The preceding discussion indicates that dissolved CO₂ has a minimal impact on water structure. Compared to the effects of NaCl on Raman OH stretching bands, the effects of CO₂ may be reasonably ignored. In other words, regarding the spectral changes in Raman OH stretching bands of the H₂O-NaCl-CO₂ system, it may be reasonably ascribed to the effects arising from dissolved Cl⁻ ions. Therefore, Equation (3) may be reasonably extended to determine the Cl⁻ concentrations in the H₂O-CO₂-NaCl system. After the Raman OH stretching bands are fitted into two sub-bands, the intensity ratio between them may be applied to calculate the Cl⁻ molarity of the H₂O-NaCl-CO₂ system (Table 2). It is observed that the computed findings closely approximate the Cl⁻ concentrations in the synthetic H₂O-NaCl-CO₂ system (Figure 7).

To demonstrate the reliability of the above method, it is also used to determine the salinity of natural fluid inclusion of the H₂O-NaCl-CO₂ system. Natural fluid inclusions are commonly preserved within host birefringent crystals, such as quartz. The Raman OH stretching bands may be influenced by the birefringence of host minerals [18,20]. This is also demonstrated by our previous work [21]. In combination with a previous study [21], it is suitable to choose the host quartz mineral to be perpendicular to the c-axis to determine the salinity of inclusion.

Based on Equation (3), Raman spectroscopy is applied to calculate the Cl⁻ molarity of natural fluid inclusions, which is close to the measurement results by microthermometry (Table 3).

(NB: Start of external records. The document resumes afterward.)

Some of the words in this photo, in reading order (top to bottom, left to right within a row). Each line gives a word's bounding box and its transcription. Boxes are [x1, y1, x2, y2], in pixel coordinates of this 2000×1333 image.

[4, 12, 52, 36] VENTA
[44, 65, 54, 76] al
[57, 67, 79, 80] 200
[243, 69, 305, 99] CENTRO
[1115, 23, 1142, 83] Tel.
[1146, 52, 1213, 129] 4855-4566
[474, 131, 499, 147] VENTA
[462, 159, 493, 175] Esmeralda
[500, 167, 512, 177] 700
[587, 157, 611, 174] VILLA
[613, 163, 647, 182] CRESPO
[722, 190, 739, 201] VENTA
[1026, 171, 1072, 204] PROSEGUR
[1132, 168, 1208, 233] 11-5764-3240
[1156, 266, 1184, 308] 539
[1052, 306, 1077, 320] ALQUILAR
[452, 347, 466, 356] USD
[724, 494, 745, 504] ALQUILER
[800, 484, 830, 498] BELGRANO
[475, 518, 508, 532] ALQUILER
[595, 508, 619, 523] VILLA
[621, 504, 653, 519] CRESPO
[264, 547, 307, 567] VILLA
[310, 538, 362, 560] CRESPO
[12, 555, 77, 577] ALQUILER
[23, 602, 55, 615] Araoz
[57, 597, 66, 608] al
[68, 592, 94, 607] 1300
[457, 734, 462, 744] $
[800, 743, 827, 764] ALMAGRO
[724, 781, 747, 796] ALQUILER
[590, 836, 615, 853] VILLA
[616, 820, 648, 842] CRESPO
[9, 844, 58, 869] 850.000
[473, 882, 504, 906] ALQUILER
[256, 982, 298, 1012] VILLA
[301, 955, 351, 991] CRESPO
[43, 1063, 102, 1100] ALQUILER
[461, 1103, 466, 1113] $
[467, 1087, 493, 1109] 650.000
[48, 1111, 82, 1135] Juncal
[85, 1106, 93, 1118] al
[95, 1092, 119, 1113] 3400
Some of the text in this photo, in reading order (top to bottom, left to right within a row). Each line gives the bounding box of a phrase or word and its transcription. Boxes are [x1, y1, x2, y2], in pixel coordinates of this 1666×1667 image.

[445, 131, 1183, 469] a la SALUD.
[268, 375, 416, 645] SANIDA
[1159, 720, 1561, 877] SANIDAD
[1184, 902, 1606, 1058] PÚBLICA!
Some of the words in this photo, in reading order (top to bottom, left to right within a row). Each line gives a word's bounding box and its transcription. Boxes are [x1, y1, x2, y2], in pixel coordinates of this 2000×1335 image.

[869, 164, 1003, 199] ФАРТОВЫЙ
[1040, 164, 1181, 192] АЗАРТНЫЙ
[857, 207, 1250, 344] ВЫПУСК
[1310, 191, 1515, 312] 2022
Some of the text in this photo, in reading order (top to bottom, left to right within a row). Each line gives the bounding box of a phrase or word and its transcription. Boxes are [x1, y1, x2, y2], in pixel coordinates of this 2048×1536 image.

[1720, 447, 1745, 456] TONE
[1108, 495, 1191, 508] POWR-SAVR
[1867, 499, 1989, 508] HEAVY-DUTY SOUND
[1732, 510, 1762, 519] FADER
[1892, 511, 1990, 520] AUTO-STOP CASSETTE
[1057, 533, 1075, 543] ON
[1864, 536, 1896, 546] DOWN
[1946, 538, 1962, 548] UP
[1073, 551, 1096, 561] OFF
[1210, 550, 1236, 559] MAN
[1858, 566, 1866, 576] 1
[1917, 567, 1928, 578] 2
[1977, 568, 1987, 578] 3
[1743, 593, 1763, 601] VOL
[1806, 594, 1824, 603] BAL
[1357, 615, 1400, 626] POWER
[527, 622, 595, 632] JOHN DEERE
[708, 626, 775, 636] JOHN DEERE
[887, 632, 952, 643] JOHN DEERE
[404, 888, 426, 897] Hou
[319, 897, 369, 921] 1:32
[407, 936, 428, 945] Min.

From the study, Raman spectroscopy may reasonably be used to determine the salinity of inclusions, especially for small diameter (<5 μm) or CO₂-rich fluid inclusions, which cannot be accurately measured by microthermometry.

In natural fluid inclusions, the most common anion is Cl⁻ ion. Of course, other anions may also be expected in fluid inclusions, such as CO₃²⁻, SO₄²⁻, HCO₃⁻, and NO₃⁻ [20]. During Raman OH stretching bands are used to determine the Cl⁻ concentrations of fluid inclusions containing the above anions, it is necessary to correctly evaluate the effects of these anions on Raman OH stretching bands of water.

To understand the effects of Na₂CO₃ and Na₂SO₄ on water structure, Raman spectra of Na₂CO₃ and Na₂SO₄ solutions are also recorded (Figure 9). Based on the calculated normalized intensities, the obvious effects of Na₂CO₃ and Na₂SO₄ may be found on the Raman OH stretching bands (Figure 9). Therefore, before Raman OH stretching bands are used to determine the Cl⁻ concentrations of solutions containing CO₃²⁻ and SO₄²⁻ ions, it is necessary to take into account the effects of CO₃²⁻ and SO₄²⁻ ions on the ratio of I_(HB)w/I_(HB)s.

5. Conclusions

In this work, Raman spectroscopy is applied to determine the salinity of fluid inclusions in the H₂O-NaCl-CO₂ system. From the study, the following conclusions are derived,

(1)

For the H₂O-NaCl system, the addition of NaCl salts decreases the intensity of the sub-band below 3330 cm⁻¹ but increases the intensity of the sub-band above 3330 cm⁻¹. The spectral changes are mostly associated with the interactions between Cl⁻ and water, as indicated by the structural analysis. The intensity ratio of the two fitted sub-bands can be utilized to determine the Cl⁻ concentrations in NaCl solutions.

(2)

According to the Raman spectroscopic study, the effects of CO₂ on water structure may be weak. It is reasonable to ignore the effects of CO₂ on Raman OH stretching bands during they are utilized to measure the salinity of the H₂O-NaCl-CO₂ system. Therefore, the above method is reasonably extended to quantitatively measure the salinity (Cl⁻ molarity scale) of the H₂O-NaCl-CO₂ system.